Die Bedrohung durch Russland ist für Georgien sehr real. Kurz hinter der Grenze zu Südossetien, einem der zwei von Russland besetzten Gebiete, stehen schon russische Panzer (wurde mir so erzählt). Die Angst, dass Georgien eine Ukraine 2.0 wird, ist vorhanden und groß. Und Widerstand wäre weitestgehend zwecklos, denn Georgien hat lediglich 3,7 Millionen Einwohner*innen – die Ukraine ist zehnmal so groß. Das Land ist viel kleiner, eine Blitzkriegtaktik wäre also viel schneller erfolgreich – und am Anfang des Ukraine-Kriegs konnte eine Niederlage der Ukraine ja auch nur sehr knapp abgewendet werden. Aus diesem Grund scheint der Georgische Traum (ქართული ოცნება) wohl für viele Wähler*innen als die Alternative, die sich europäisch orientiert (aber eben nicht zur EU), aber ohne Russland zu vergraulen. Außerdem gibt es Gerüchte, dass Ivanishvili (ივანიშვილი) mit Russland in Verhandlungen über die Wiedereingliederung der abtrünnigen Gebiete steht. Was da dran ist, kann ich nicht beurteilen.
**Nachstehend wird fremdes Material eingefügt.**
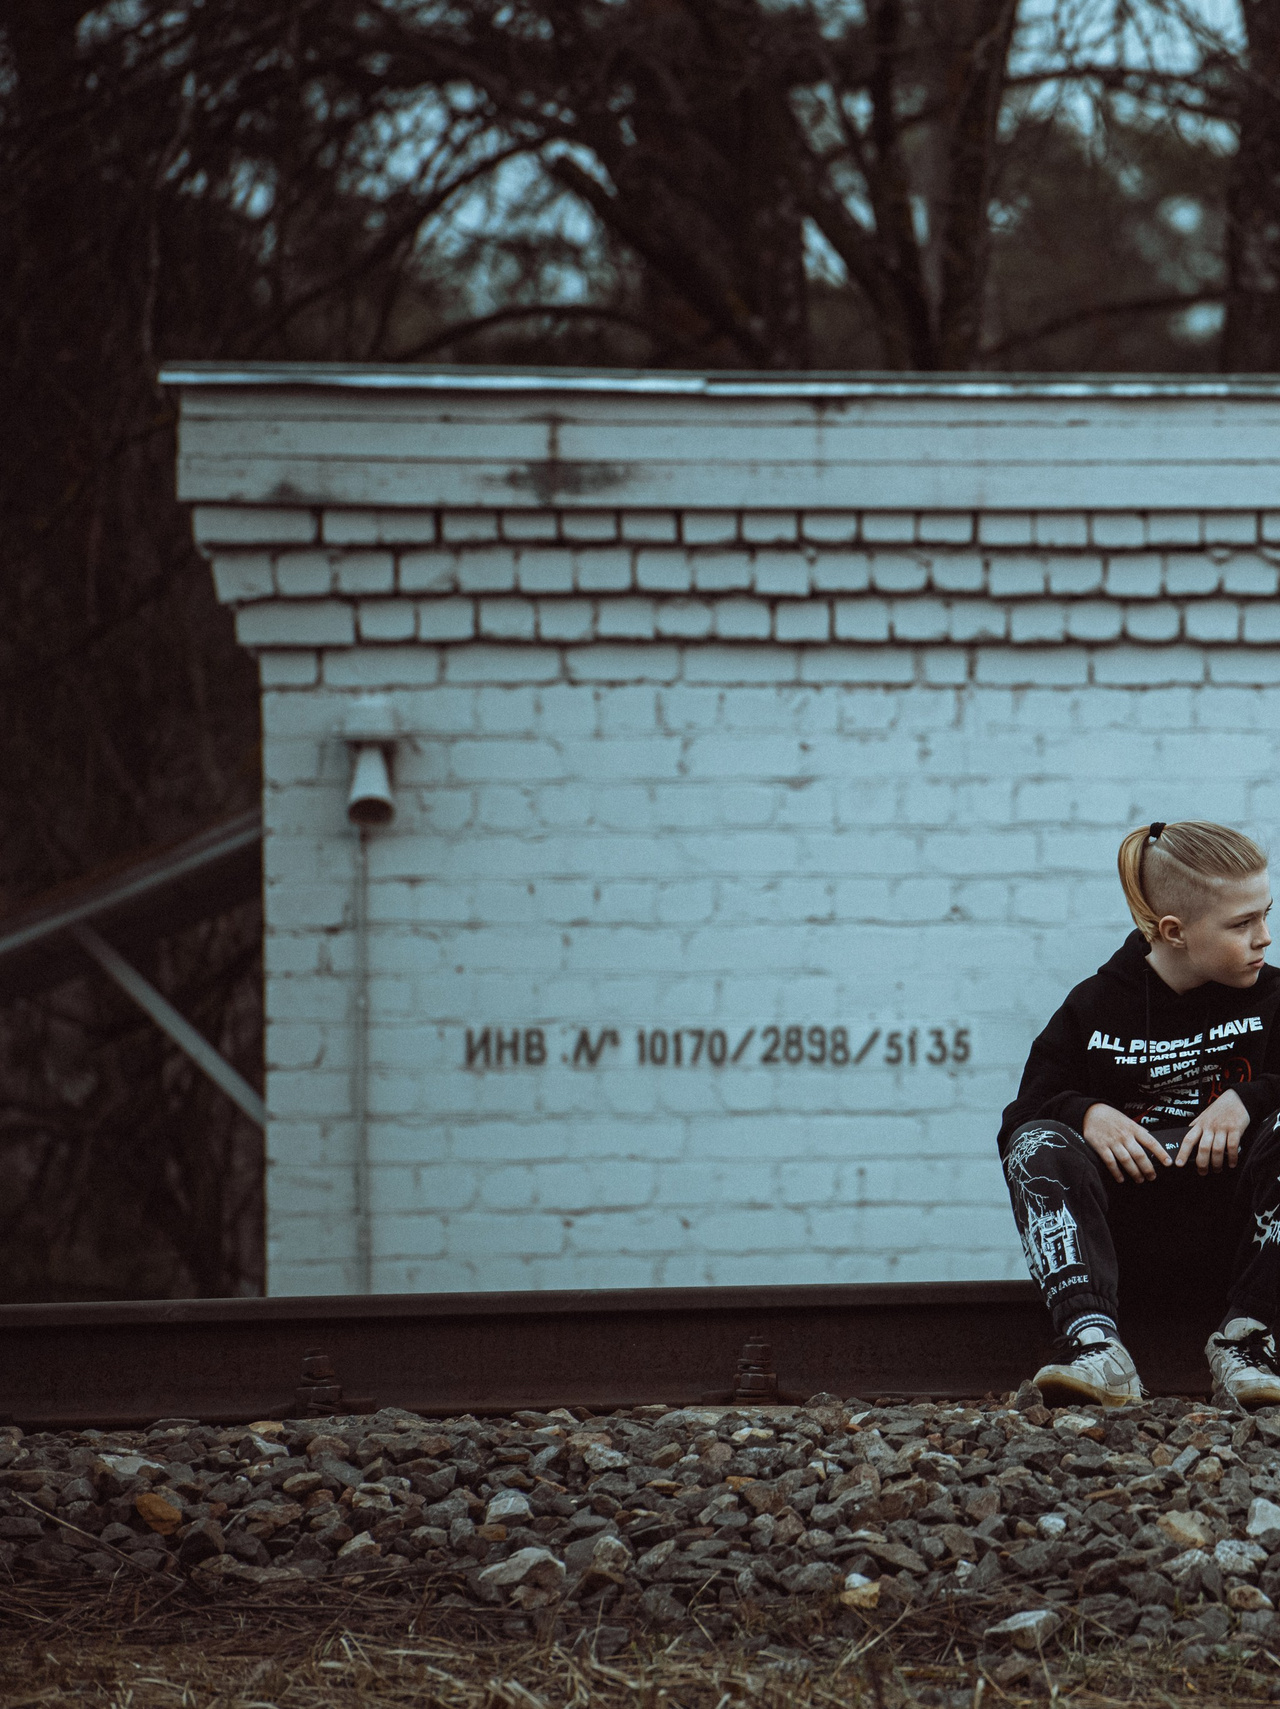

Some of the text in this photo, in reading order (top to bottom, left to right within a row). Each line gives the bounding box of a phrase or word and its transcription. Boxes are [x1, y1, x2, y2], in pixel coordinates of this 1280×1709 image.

[1087, 1016, 1264, 1054] ALL PEOPLE HAVE
[1114, 1041, 1235, 1065] THE STARS BUT THEY
[1172, 1058, 1198, 1072] NOT
Kein Wunder also, dass ein zentrales Wahlkampfthema der Ukraine-Krieg ist bzw. der Transfer auf die georgische Situation. Der Georgische Traum (ქართული ოცნება) plakatiert zerstörte ukrainische Stadien, Autobahnen, Schulen und stellt sie gut aussehenden und modernisierten georgischen gegenüber. Links die kriegstreiberischen Oppositionsparteien, rechts die friedenserhaltende Regierung. Krieg und Frieden a la George Orwell.
Ich hab mal ein paar Artikel verlinkt, die sich nun in deutschsprachigen Medien aufgrund der Wahl etwas häufen. Sonstige deutsche Berichterstattung findet quasi nicht statt.
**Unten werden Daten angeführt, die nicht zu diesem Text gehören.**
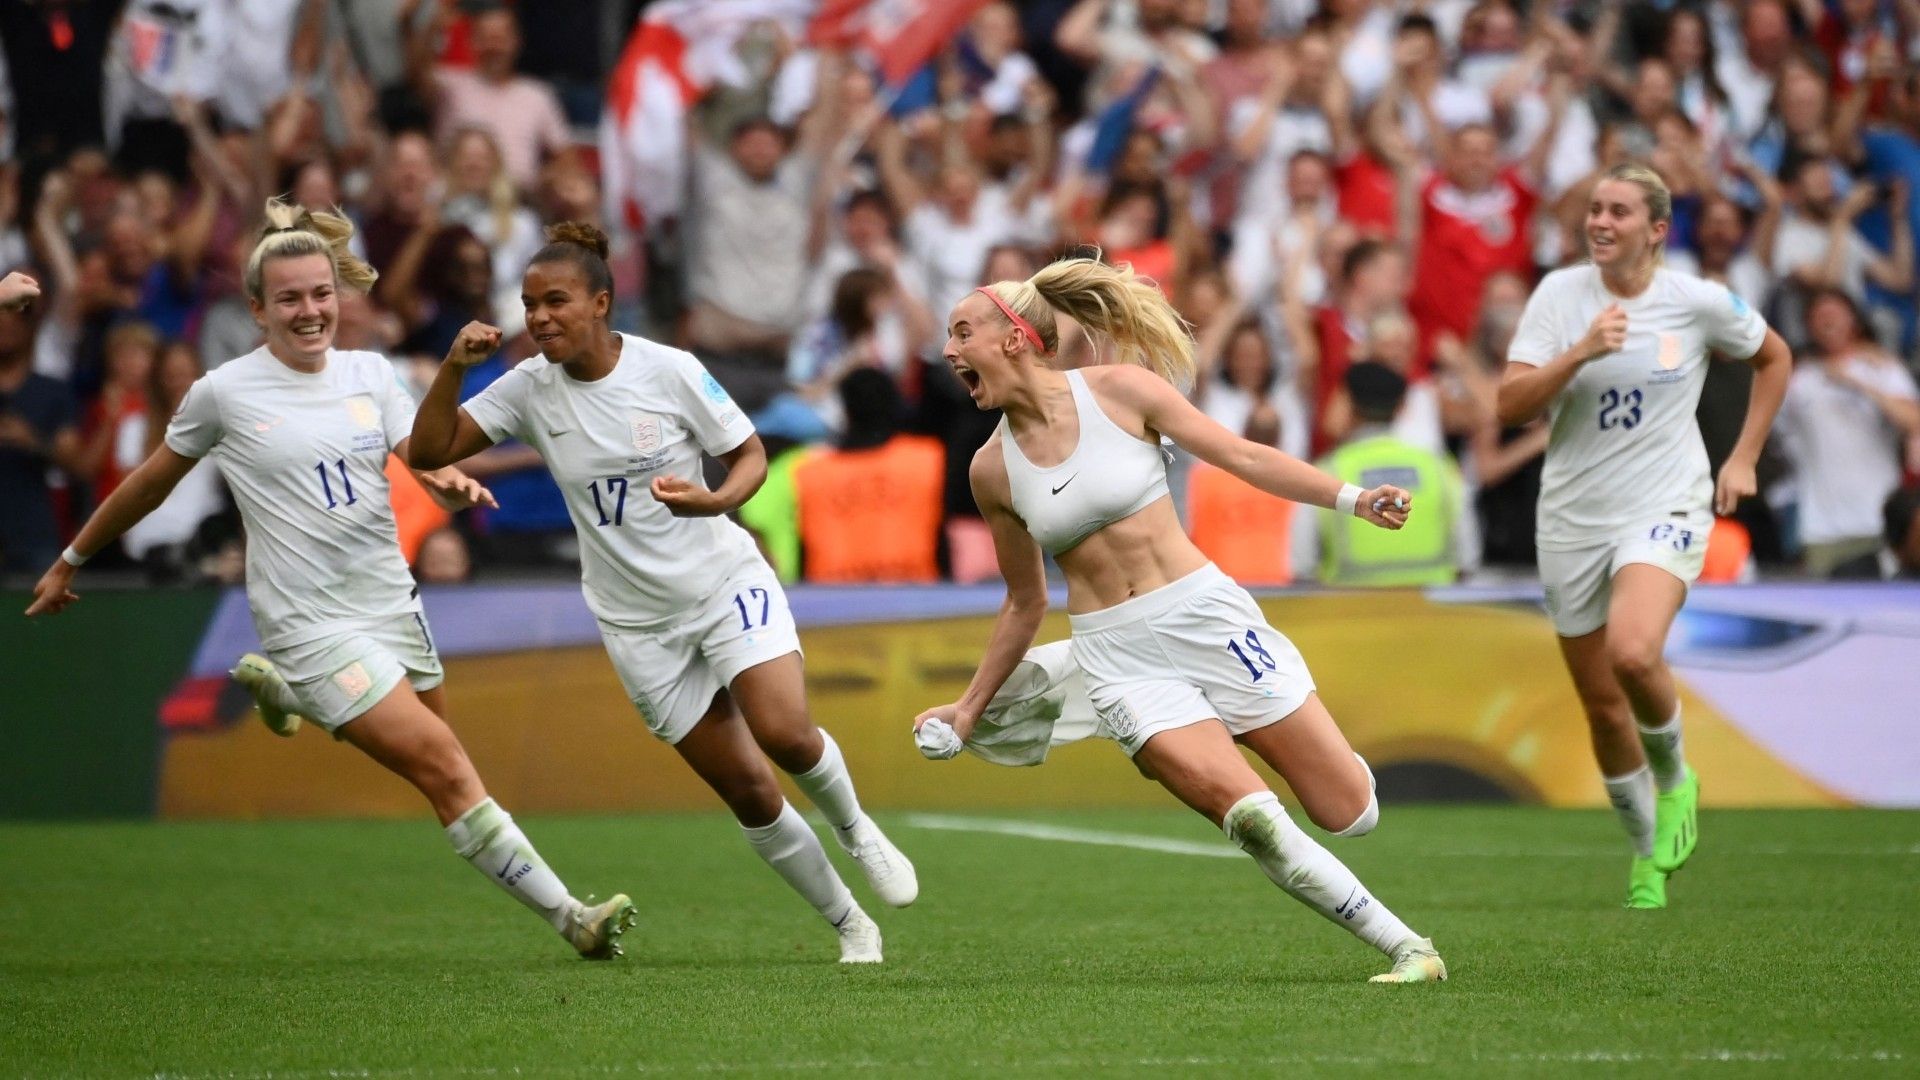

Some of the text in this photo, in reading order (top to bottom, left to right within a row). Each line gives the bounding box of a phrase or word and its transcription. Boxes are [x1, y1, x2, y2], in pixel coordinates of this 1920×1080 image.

[1599, 388, 1643, 430] 23
[315, 458, 357, 510] 11
[587, 477, 628, 526] 17
[733, 588, 769, 631] 17
[1227, 629, 1276, 683] 18
Repression in Georgien: Warten, bis der Greiftrupp wieder kommt. Ausführlichere Reportage über Repressionen gegenüber der Opposition.
Interview: Georgien: Angst vor der „autoritären Wende“. Der bisher beste Beitrag hinsichtlich des Erklärungsgehalts der Wahl-Situation.
Georgien wählt am Abgrund: „Wofür Putin Jahre gebraucht hat, machen sie in zwei Monaten“. Ebenfalls sehr gut!
Georgien wählt: Ruhe vor dem Sturm? Sehr toller Hintergrundartikel der Konrad-Adenauer-Stiftung.
Bidsina Iwanischwili: Reichster und mächtigster Mann Georgiens. Wie der Name schon andeutet ein Porträt über Ivanishvili.
Vor Parlamentswahlen in Georgien. Ost gegen West. Ebenfalls sehr ausführlicher Artikel in der taz.
Aktuelle Empfehlungen
Lied: Zikaden im Wind (FloBêr). Bernard und Flo hab ich auf dem Peter-Rohland-Singewettstreit kennengelernt, da kannte ich FloBêr schon. Vor allem über unsere Liebe zu Gundi (ostdeutscher Liedermacher) haben wir uns schnell gut verstanden und angefreundet. Zikaden im Wind ging mir diese Woche öfter durch den Kopf und ist von Christian.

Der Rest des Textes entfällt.